De ce jour, je n'eus plus à souffrir des durs travaux, notamment agricoles, pour lesquel j'étais si peu faite: Antoine s'en chargea tout seul, me laissant m'occuper de ceux qui m'étaient plus agréables: la cuisine, le menu élevage... tout cela en échange d'être la compagne dont il avait besoin, car plus jamais il ne partit seul à la recherche du fantôme.

Cela dura donc deux années pleines, au bout desquelles un navire surgit brusquement à l'horizon, qu'Antoine repéra par hasard. Il partit aussitôt allumer un grand feu sur le plus haut sommet de l'île, et qui dura trois jours et trois nuits: le navire remarqua ce fanal inconnu, changea sa route et mit le cap sur nous. Notre vie nous était devenue tellement naturelle, que ce ne fut qu'au dernier moment, alors que nous étions certainement bien visibles aux jumelles, qu'Antoine réalisa qu'il était plus convenable que je me change et m'en intima l'ordre si sèchement que j'en conçus une grande peine. Peu de temps après, nous étions à bord: Antoine dans un superbe uniforme prêté par un sous-officier, et moi dans une de ces lamentables tenues d'homme dont j'avais perdu l'habitude. Le départ fut retardé par les recherches entreprises sur l'ordre du capitaine: celui-ci avait, paraît-il, longuement observé une femme sur l'île au moyen de sa lunette, et ne pouvait se résoudre à l'y laisser. Mais on ne la trouva pas, et il fallut bien lever l'ancre pour quitter enfin ce que nous baptisâmes avec humour "L'île de la disparue".
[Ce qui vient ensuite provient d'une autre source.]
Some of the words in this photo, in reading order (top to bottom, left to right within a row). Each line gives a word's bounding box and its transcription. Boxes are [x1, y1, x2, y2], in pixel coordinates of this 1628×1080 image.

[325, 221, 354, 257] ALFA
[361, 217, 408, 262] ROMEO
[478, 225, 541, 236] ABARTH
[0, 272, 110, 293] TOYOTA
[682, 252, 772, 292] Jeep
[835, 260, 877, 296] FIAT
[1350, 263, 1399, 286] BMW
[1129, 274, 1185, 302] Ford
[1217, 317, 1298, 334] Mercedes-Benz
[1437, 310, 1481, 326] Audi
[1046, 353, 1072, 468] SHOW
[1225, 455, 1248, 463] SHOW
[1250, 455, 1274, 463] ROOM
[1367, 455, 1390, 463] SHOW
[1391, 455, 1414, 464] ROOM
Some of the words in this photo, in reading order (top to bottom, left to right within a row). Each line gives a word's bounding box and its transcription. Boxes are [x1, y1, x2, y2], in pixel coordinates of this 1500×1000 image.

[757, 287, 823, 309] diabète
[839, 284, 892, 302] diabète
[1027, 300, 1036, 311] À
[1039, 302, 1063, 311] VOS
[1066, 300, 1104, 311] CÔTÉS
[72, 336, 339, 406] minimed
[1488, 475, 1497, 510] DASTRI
Je ne revis jamais Antoine, après notre départ: il m'évita le plus soigneusement du monde, et je ne trouvai même pas la force de lui en tenir rigueur: ne m'avait-il pas dit un jour qu'il ne voulait plus jamais me voir, à moi qui était forcé d'être sur ce navire celui à qui il l'avait dit ?

Avec le temps, je compris mieux la conduite d'Antoine, qui souffrait de devoir abandonner sur l'île celle qu'il aimait; et j'étais d'autant mieux placé pour compatir à son déchirement qu'y était restée la meilleure partie de moi-même, celle que j'ai, moi aussi, toujours regrettée.